This is a R version of a two-tails weighted KS statistic following the suggestion of Numerical Methods of Statistics by Monohan, pg. 334 in 1E and pg. 358 in 2E.

ks_weighted <- function(vector_1,vector_2,weights_1,weights_2){
    F_vec_1 <- ewcdf(vector_1, weights = weights_1, normalise=FALSE)
    F_vec_2 <- ewcdf(vector_2, weights = weights_2, normalise=FALSE)
    xw <- c(vector_1,vector_2) 
    d <- max(abs(F_vec_1(xw) - F_vec_2(xw)))

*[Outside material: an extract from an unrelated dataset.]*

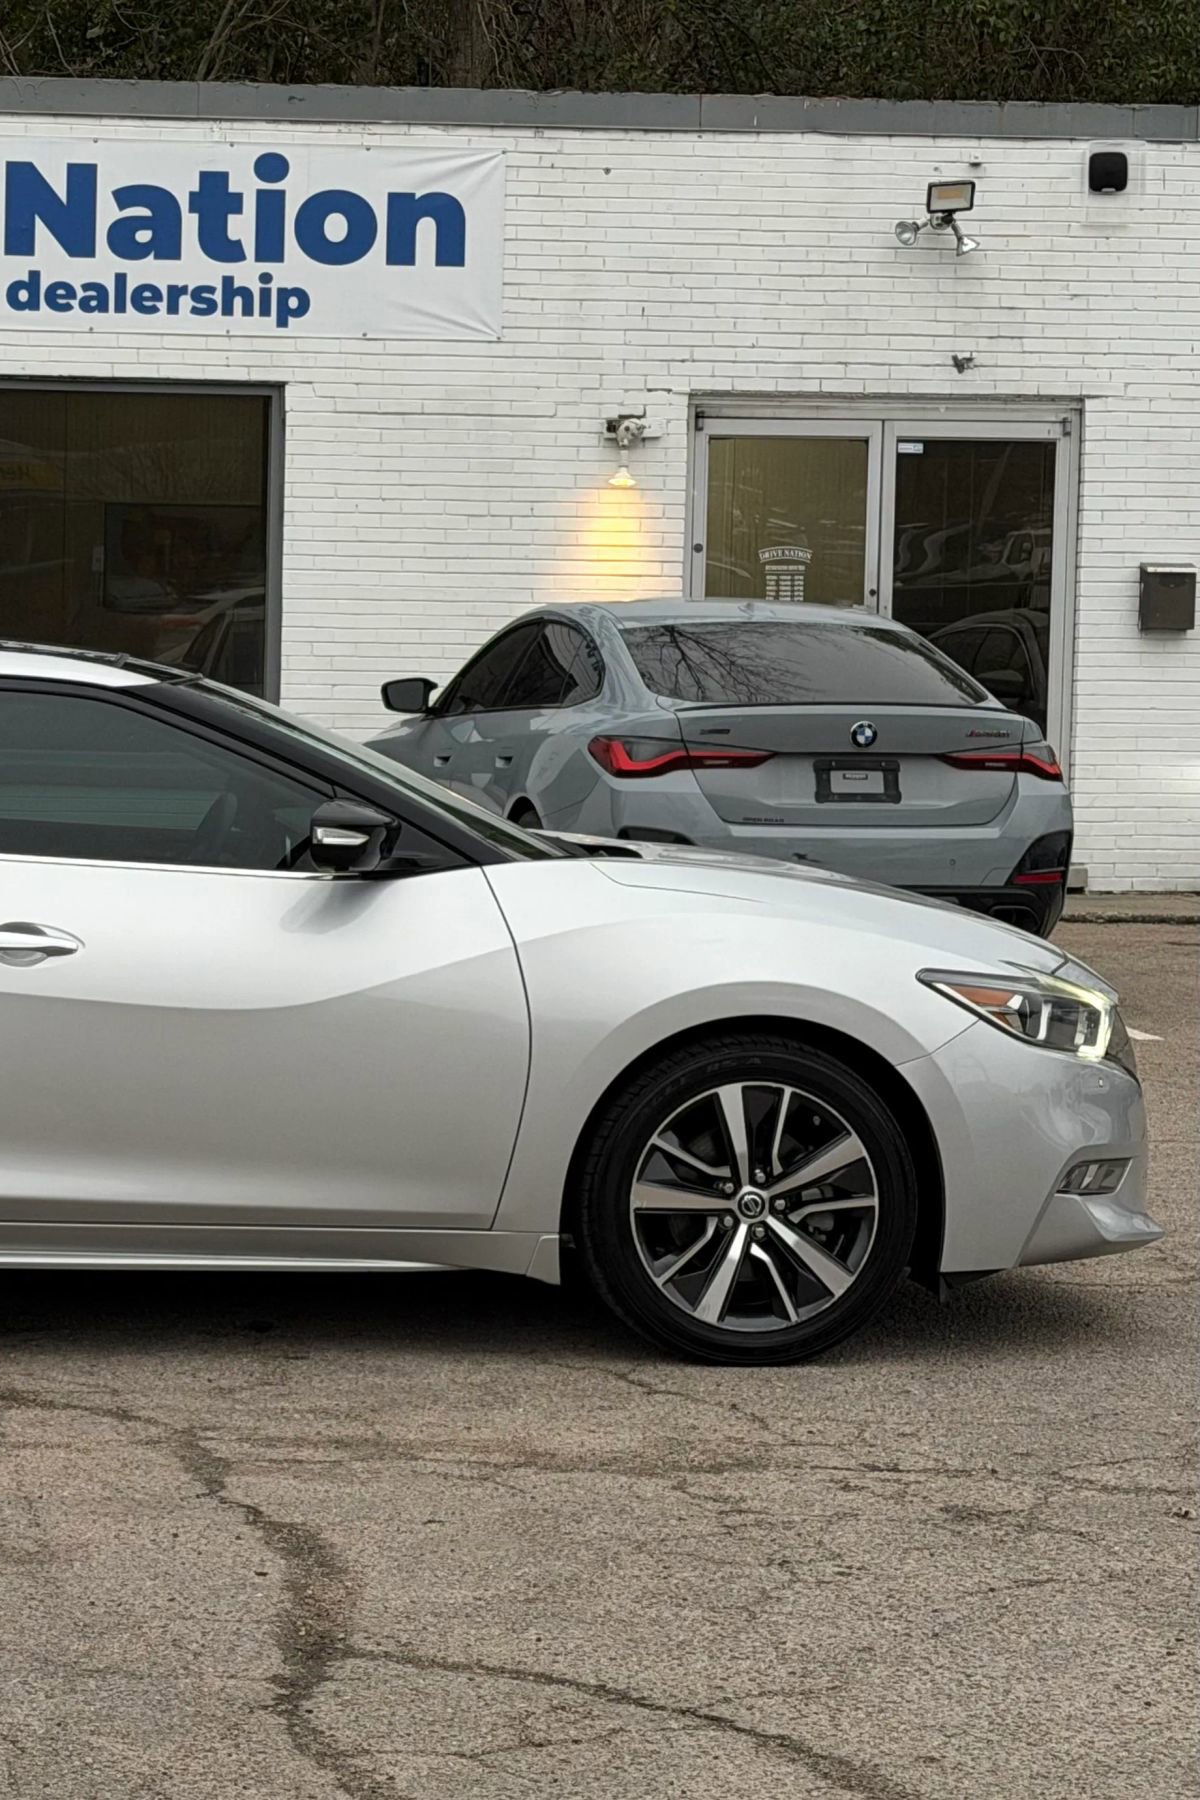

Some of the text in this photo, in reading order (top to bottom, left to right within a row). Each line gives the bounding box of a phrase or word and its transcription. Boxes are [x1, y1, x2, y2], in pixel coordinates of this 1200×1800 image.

    ## P-VALUE with NORMAL SAMPLE 
    # n_vector_1 <- length(vector_1)                                                           
    # n_vector_2<- length(vector_2)        
    # n <- n_vector_1 * n_vector_2/(n_vector_1 + n_vector_2)

    # P-VALUE EFFECTIVE SAMPLE SIZE as suggested by Monahan
    n_vector_1 <- sum(weights_1)^2/sum(weights_1^2)
    n_vector_2 <- sum(weights_2)^2/sum(weights_2^2)
    n <- n_vector_1 * n_vector_2/(n_vector_1 + n_vector_2)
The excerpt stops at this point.